Set down each entry exactly; omit images.
+---+
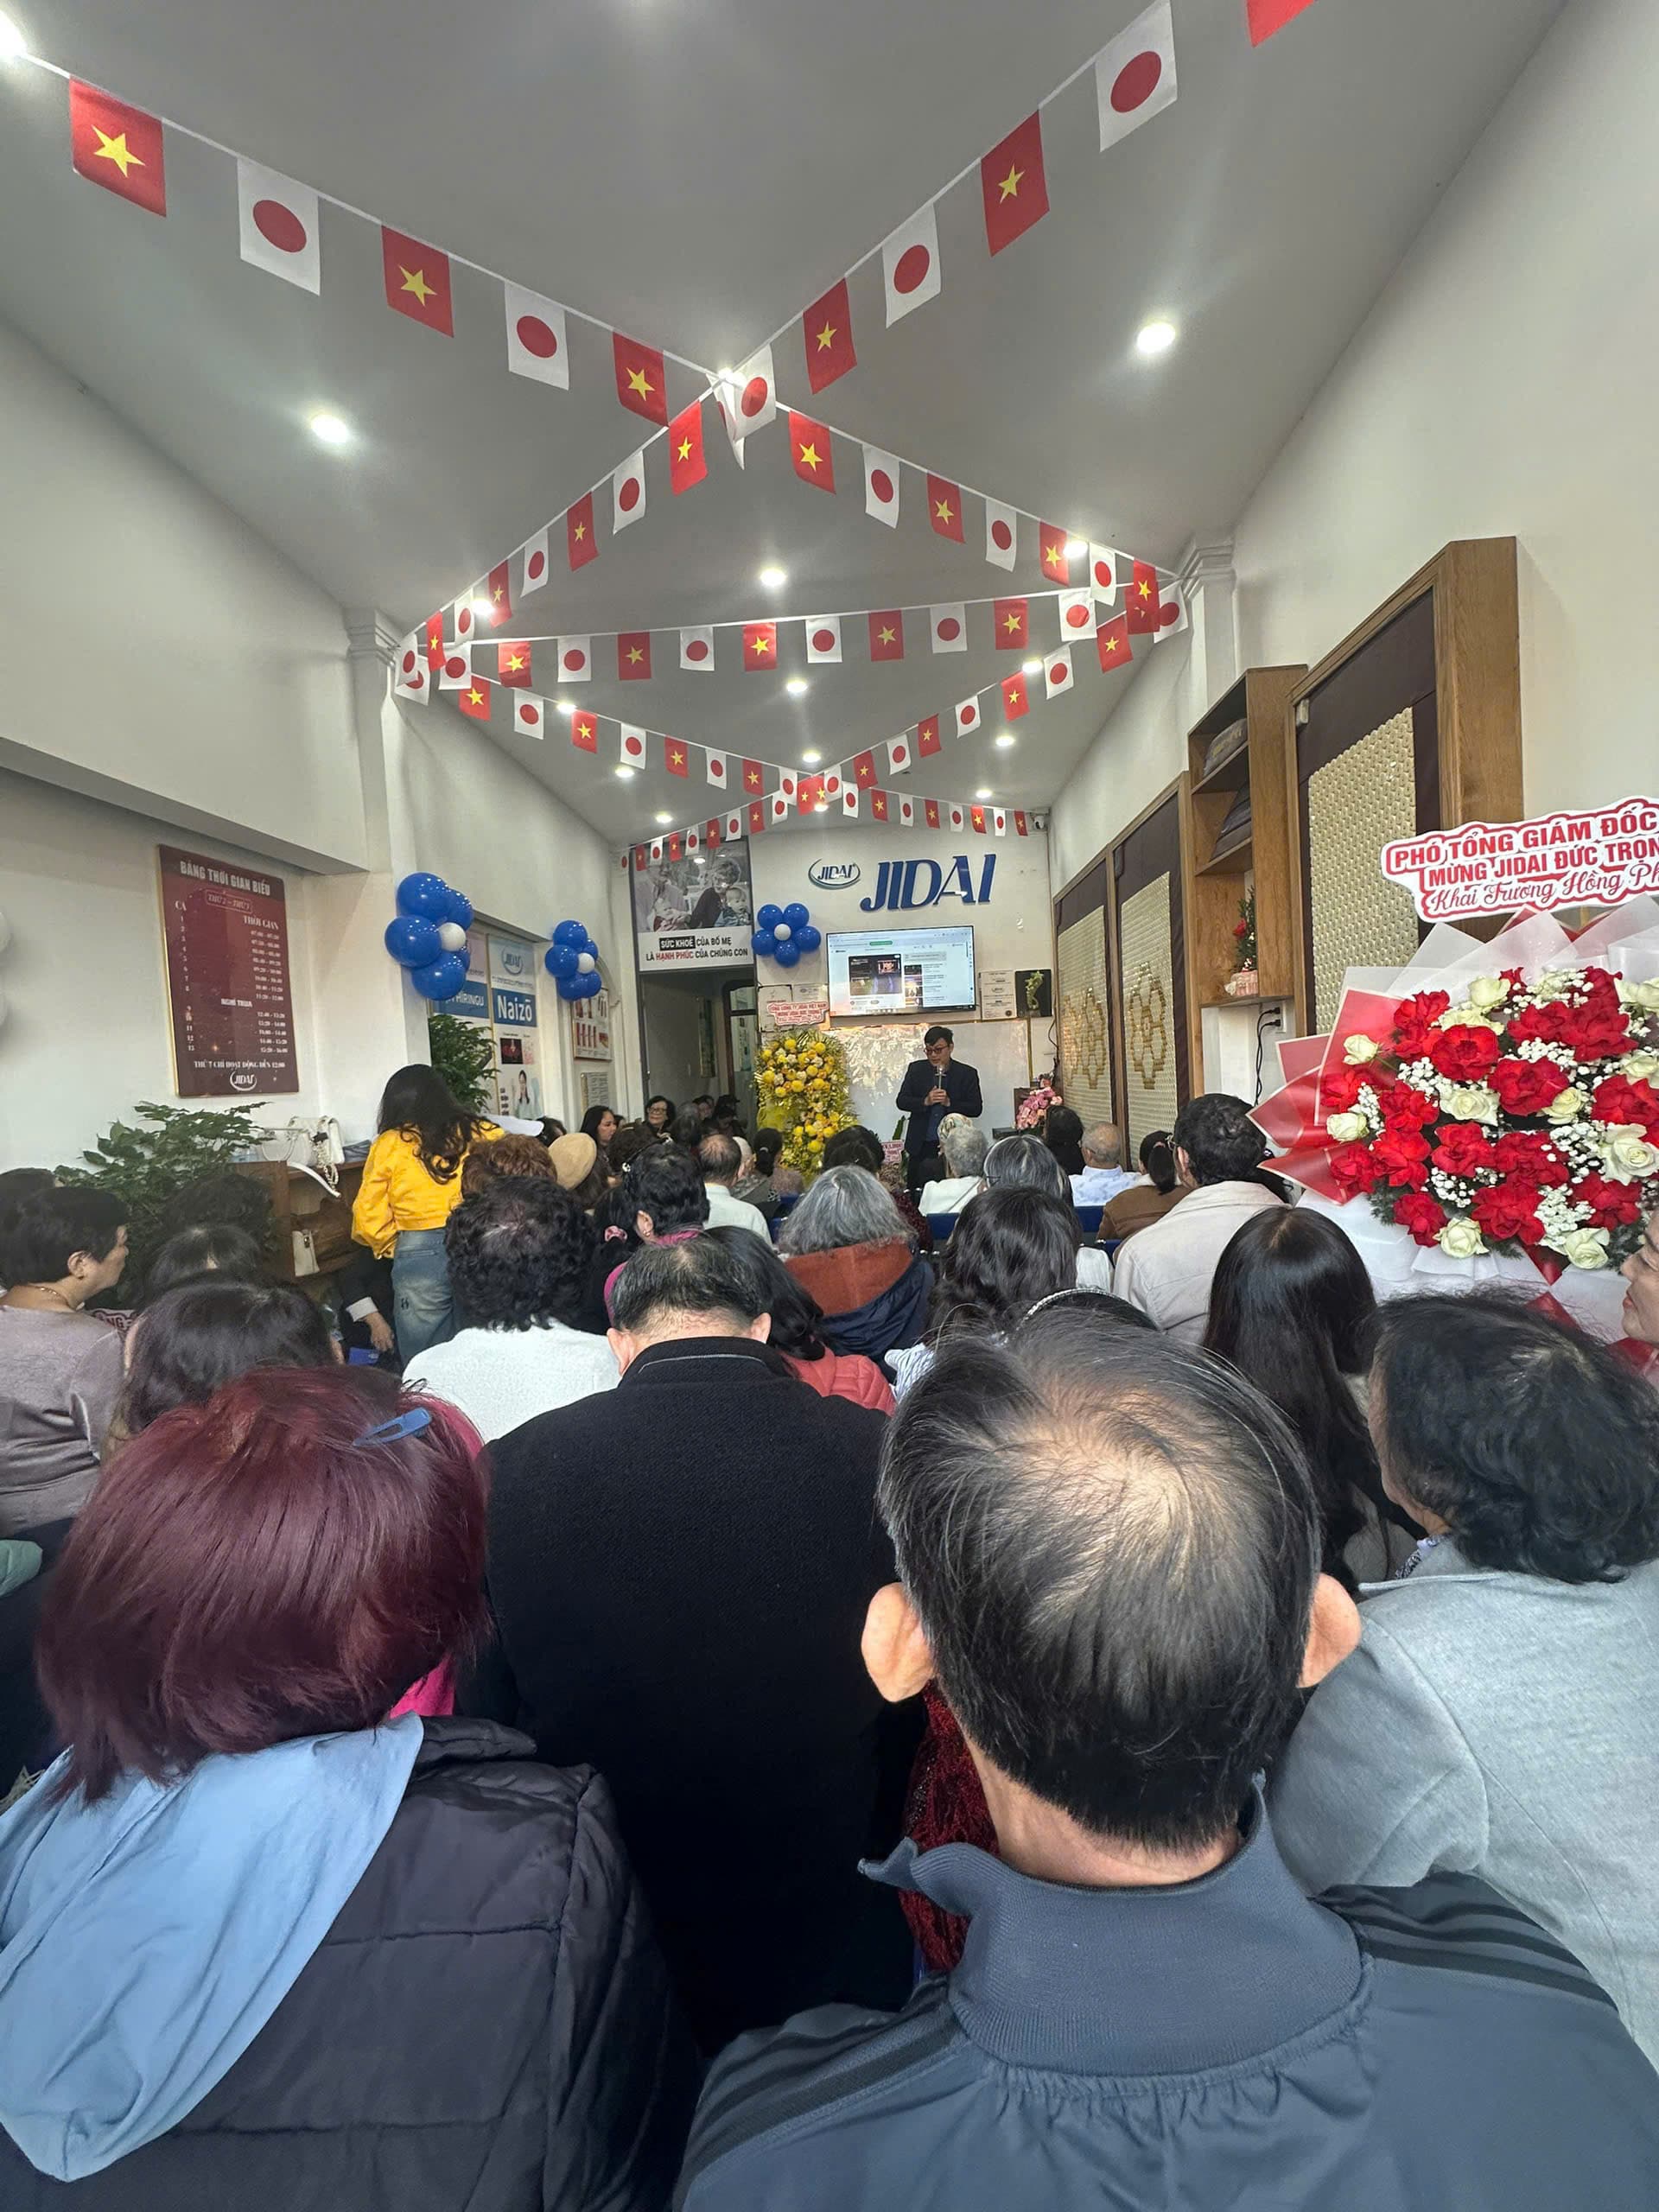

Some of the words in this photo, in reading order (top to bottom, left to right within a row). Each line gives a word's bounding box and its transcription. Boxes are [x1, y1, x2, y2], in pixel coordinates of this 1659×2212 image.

[1395, 841, 1441, 868] PHÓ
[1448, 831, 1514, 860] TỔNG
[1522, 821, 1592, 849] GIÁM
[1600, 806, 1657, 836] ĐỐC
[180, 861, 206, 880] BẢNG
[230, 874, 251, 891] GIAN
[817, 864, 853, 880] JIDAI
[1428, 862, 1488, 887] MỪNG
[1494, 853, 1548, 878] JIDAI
[1554, 844, 1599, 869] ĐỨC
[860, 854, 997, 912] JIDAI
[1430, 887, 1478, 912] Khai
[1484, 880, 1554, 905] Trương
[1562, 869, 1624, 898] Hồng
[645, 951, 655, 961] LÀ
[656, 952, 675, 962] HẠNH
[676, 950, 694, 960] PHÚC
[695, 949, 710, 958] CỦA
[710, 948, 733, 957] CHÚNG
[734, 948, 748, 957] CON
[660, 938, 675, 949] SỨC
[696, 936, 710, 946] CỦA
[711, 935, 721, 945] BỐ
[721, 937, 732, 946] MẸ
[497, 995, 533, 1021] Naizō
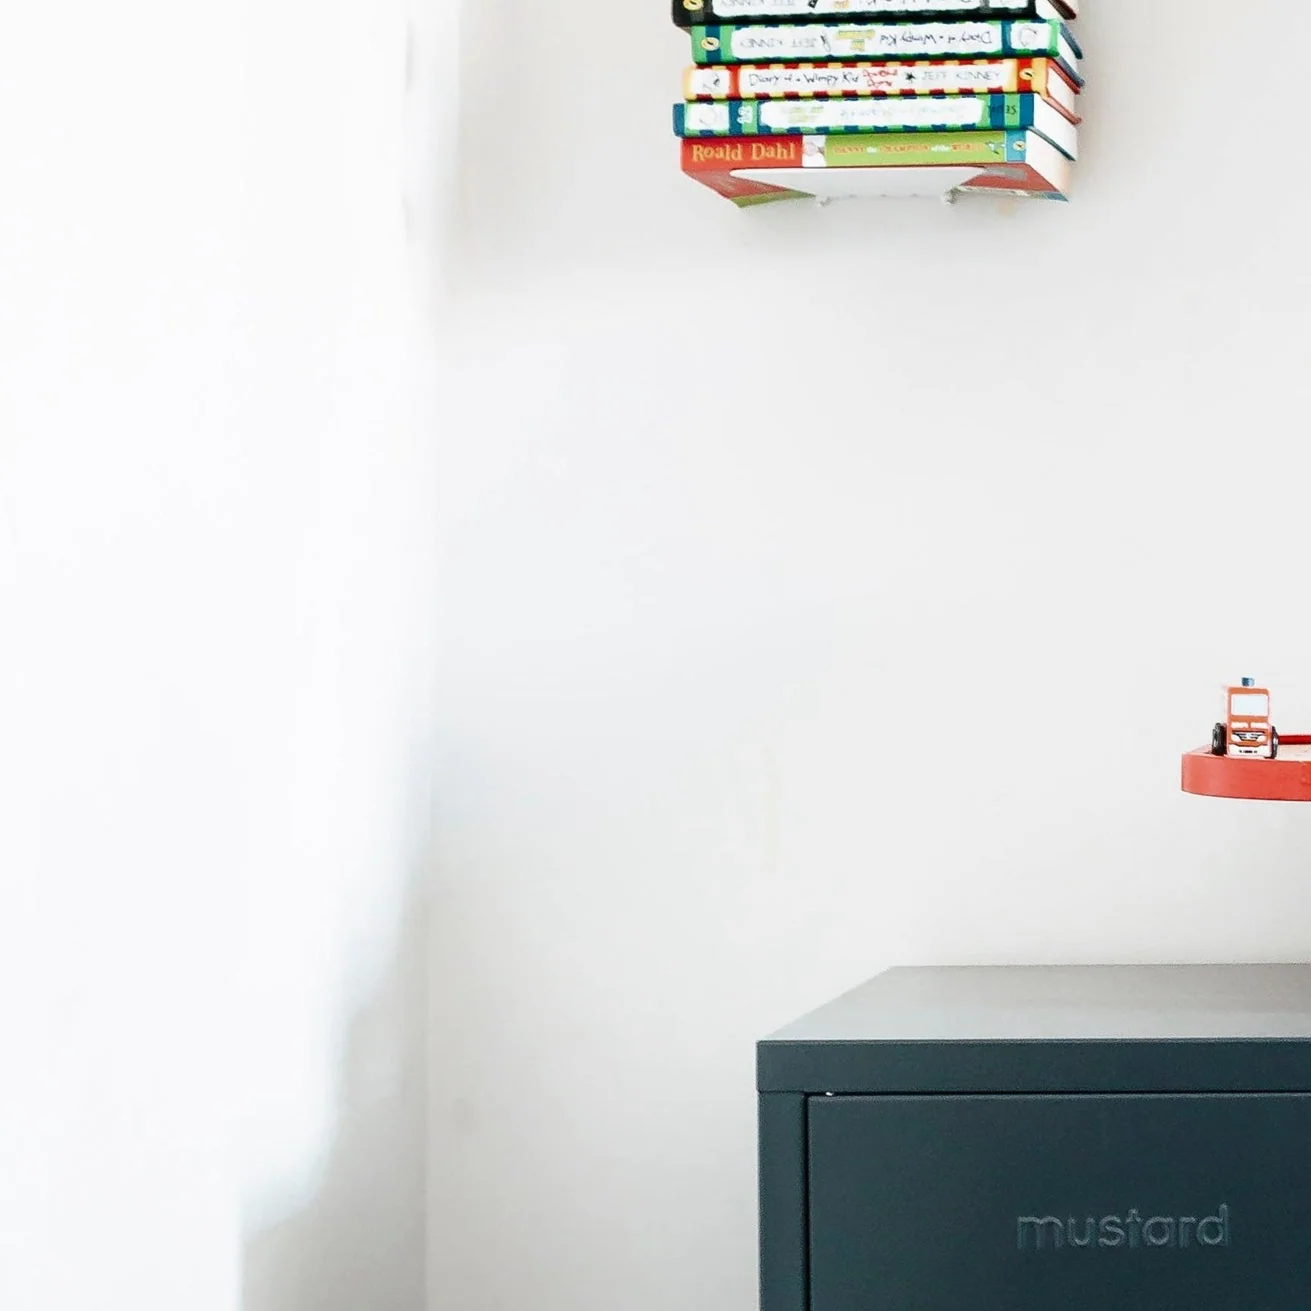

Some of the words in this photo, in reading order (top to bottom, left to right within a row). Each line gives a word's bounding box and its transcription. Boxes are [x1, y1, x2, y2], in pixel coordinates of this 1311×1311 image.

[691, 143, 744, 162] Roald
[750, 142, 797, 161] Dahl
[1016, 1203, 1230, 1250] mustard
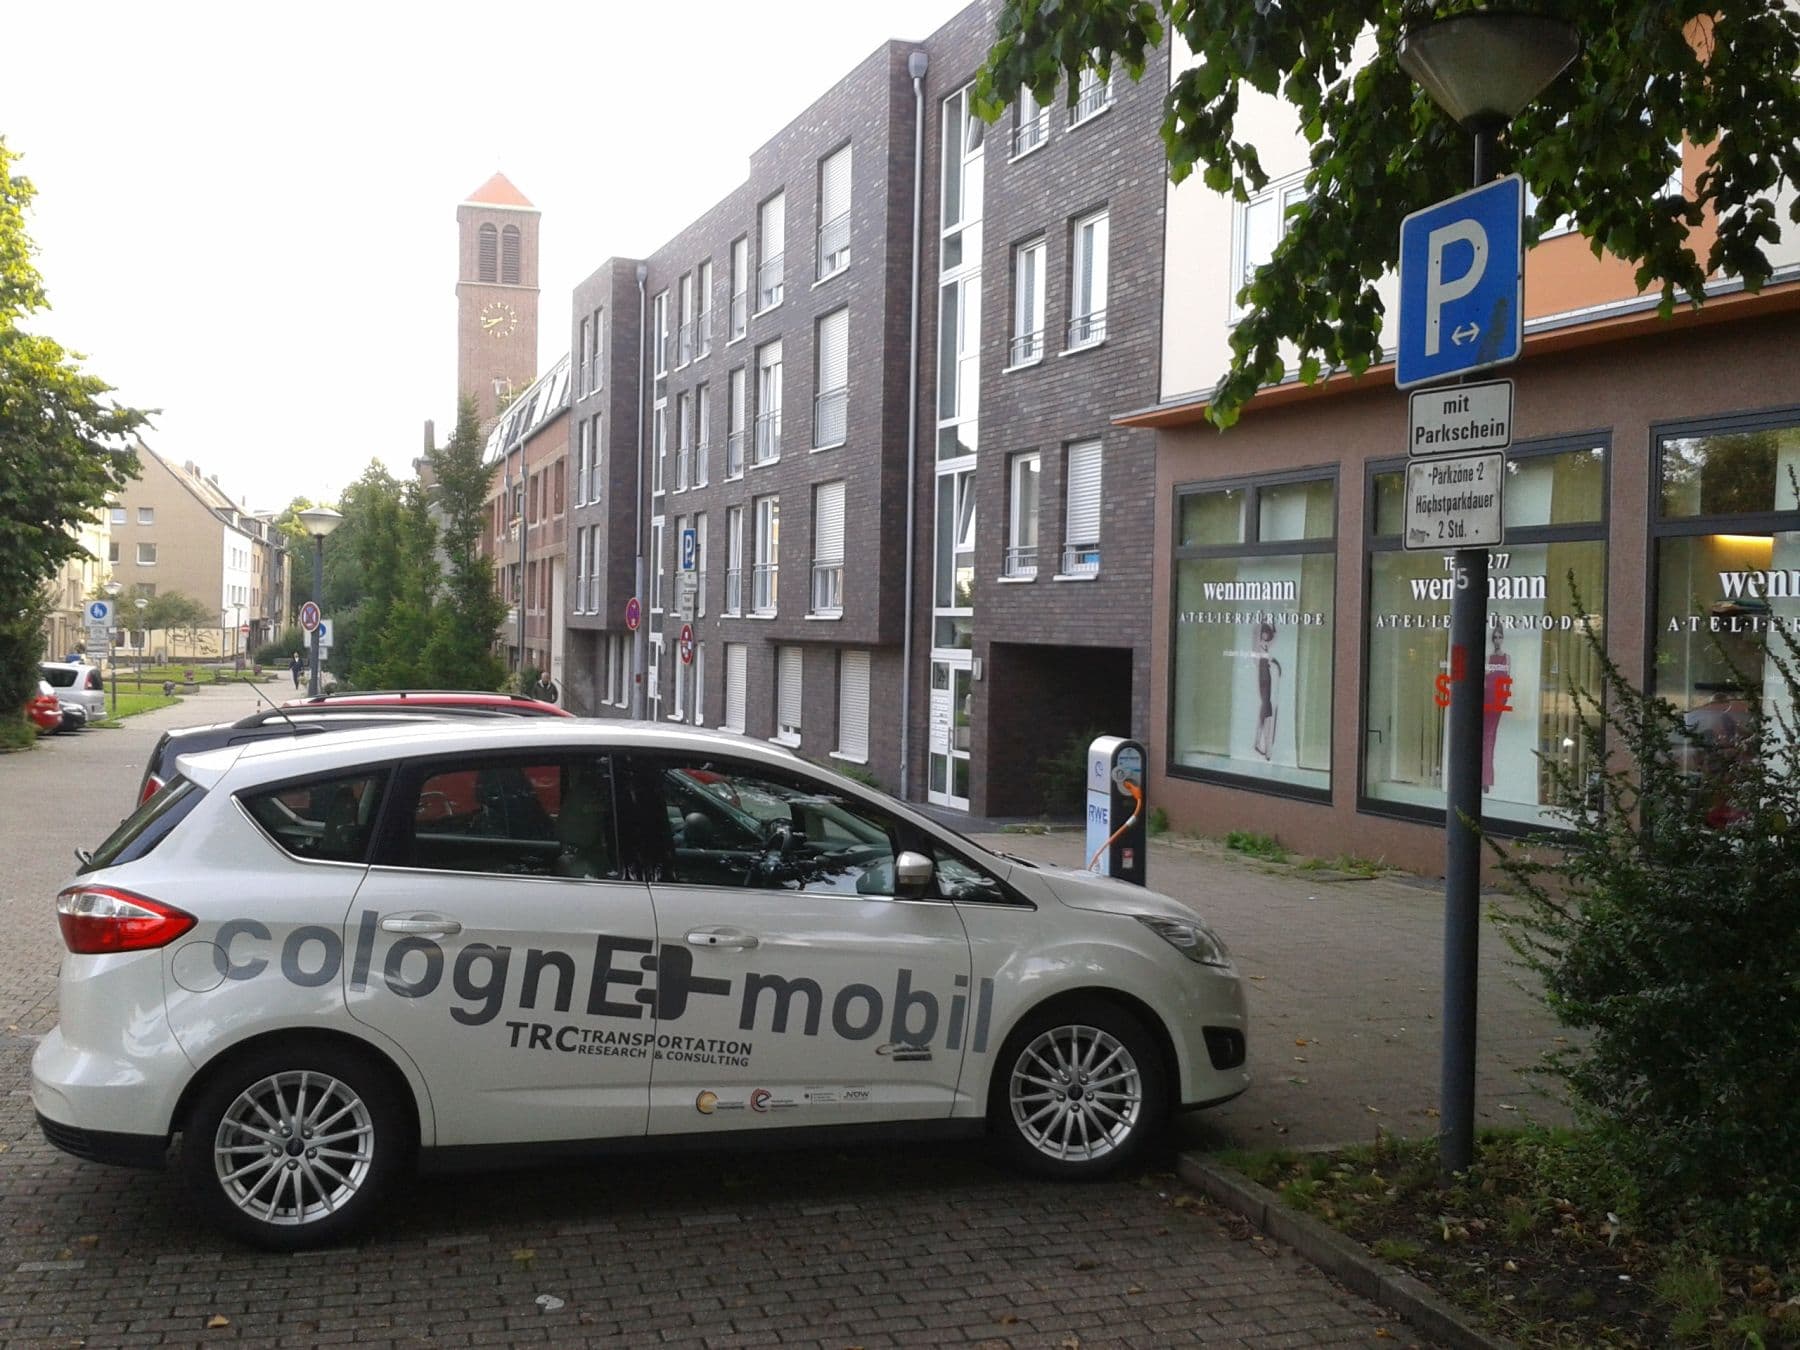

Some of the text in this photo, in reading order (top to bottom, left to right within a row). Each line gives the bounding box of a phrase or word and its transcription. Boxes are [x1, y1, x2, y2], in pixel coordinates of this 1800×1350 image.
+---+
--- Exercise output ---
Some of the words in this photo, in reading order (top to bottom, left to right within a row). Each line gives a word's bounding box and its transcription. Boxes are [x1, y1, x2, y2], in pixel coordinates of this 1659×2212 image.

[1395, 841, 1441, 868] PHÓ
[1448, 831, 1514, 860] TỔNG
[1522, 821, 1592, 849] GIÁM
[1600, 806, 1657, 836] ĐỐC
[180, 861, 206, 880] BẢNG
[230, 874, 251, 891] GIAN
[817, 864, 853, 880] JIDAI
[1428, 862, 1488, 887] MỪNG
[1494, 853, 1548, 878] JIDAI
[1554, 844, 1599, 869] ĐỨC
[860, 854, 997, 912] JIDAI
[1430, 887, 1478, 912] Khai
[1484, 880, 1554, 905] Trương
[1562, 869, 1624, 898] Hồng
[645, 951, 655, 961] LÀ
[656, 952, 675, 962] HẠNH
[676, 950, 694, 960] PHÚC
[695, 949, 710, 958] CỦA
[710, 948, 733, 957] CHÚNG
[734, 948, 748, 957] CON
[660, 938, 675, 949] SỨC
[696, 936, 710, 946] CỦA
[711, 935, 721, 945] BỐ
[721, 937, 732, 946] MẸ
[497, 995, 533, 1021] Naizō

Some of the words in this photo, in reading order (top to bottom, left to right within a row). Each line gives a word's bounding box and its transcription. Boxes are [x1, y1, x2, y2], in pixel coordinates of this 1311×1311 image.

[691, 143, 744, 162] Roald
[750, 142, 797, 161] Dahl
[1016, 1203, 1230, 1250] mustard

Some of the text in this photo, in reading order (top to bottom, left to right within a row). Each line gives the bounding box of a phrase or word and its transcription. Boxes are [x1, y1, x2, y2], in pixel coordinates of this 1800×1350 image.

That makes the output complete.